Jonathan showed destructuring/indexing very nicely. Here are some
timings for vector/list creation:
(let [lst '(1 2 3)]
(timings 1e7
(list 1 2 3)
(cons 1 (cons 2 (cons 3 ())))
(conj (conj (conj () 3) 2) 1)
(vector 1 2 3)
(vec lst)
(conj (conj (conj [] 1) 2) 3)))
6590.33 ms 61.2% 1.6x (list 1 2 3)
7571.30 ms 70.3% 1.4x (cons 1 (cons 2 (cons 3 ())))
7773.67 ms 72.2% 1.4x (conj (conj (conj () 3) 2) 1)
9601.74 ms 89.1% 1.1x (vector 1 2 3)
8612.29 ms 79.9% 1.3x (vec lst)
10772.88 ms 100.0% 1.0x (conj (conj (conj [] 1) 2) 3)

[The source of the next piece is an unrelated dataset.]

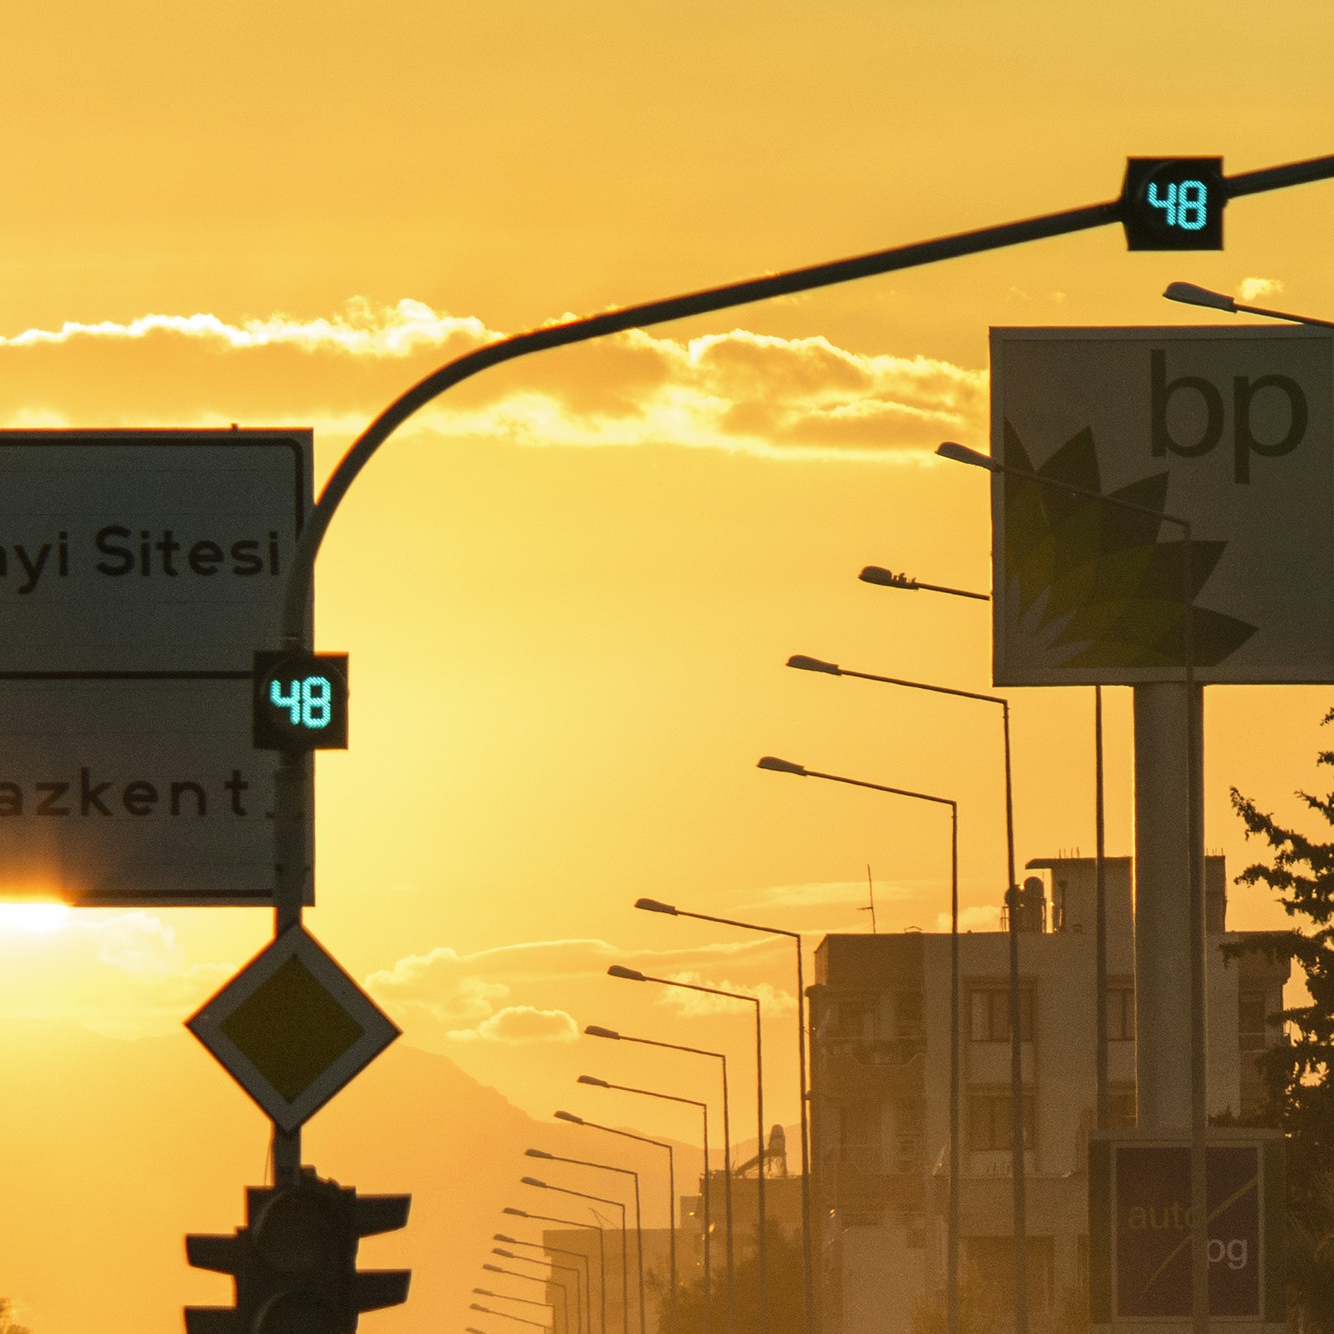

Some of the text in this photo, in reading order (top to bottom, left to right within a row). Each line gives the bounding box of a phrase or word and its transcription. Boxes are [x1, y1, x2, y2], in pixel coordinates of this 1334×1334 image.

Yes, it looks that list creation is faster than vector creation.
Frantisek
On Jul 9, 12:17 am, John Harrop <[email protected]> wrote:
> On Wed, Jul 8, 2009 at 4:57 PM, Frantisek Sodomka <[email protected]>wrote:
>
> > So far it seems that vectors win in Clojure:
>
> > (timings 3e5
> > (let [v (vector 1 2 3) a (nth v 0) b (nth v 1) c (nth v 2)] (+ a b
> > c))
> > (let [lst (list 1 2 3) a (nth lst 0) b (nth lst 1) c (nth lst 2)] (+
> > a b c)))
>
> > =>
> > 680.63 ms 83.6% 1.2x (let [v (vector 1 2 3) a (nth v 0) b (nth
> > v 1) c (nth v 2)] (+ a b c))
> > 813.79 ms 100.0% 1.0x (let [lst (list 1 2 3) a (nth lst 0) b
> > (nth lst 1) c (nth lst 2)] (+ a b c))
>
> Does using vec instead of vector make a difference? Using first, rest,
> first, rest instead of nth to destructure the list?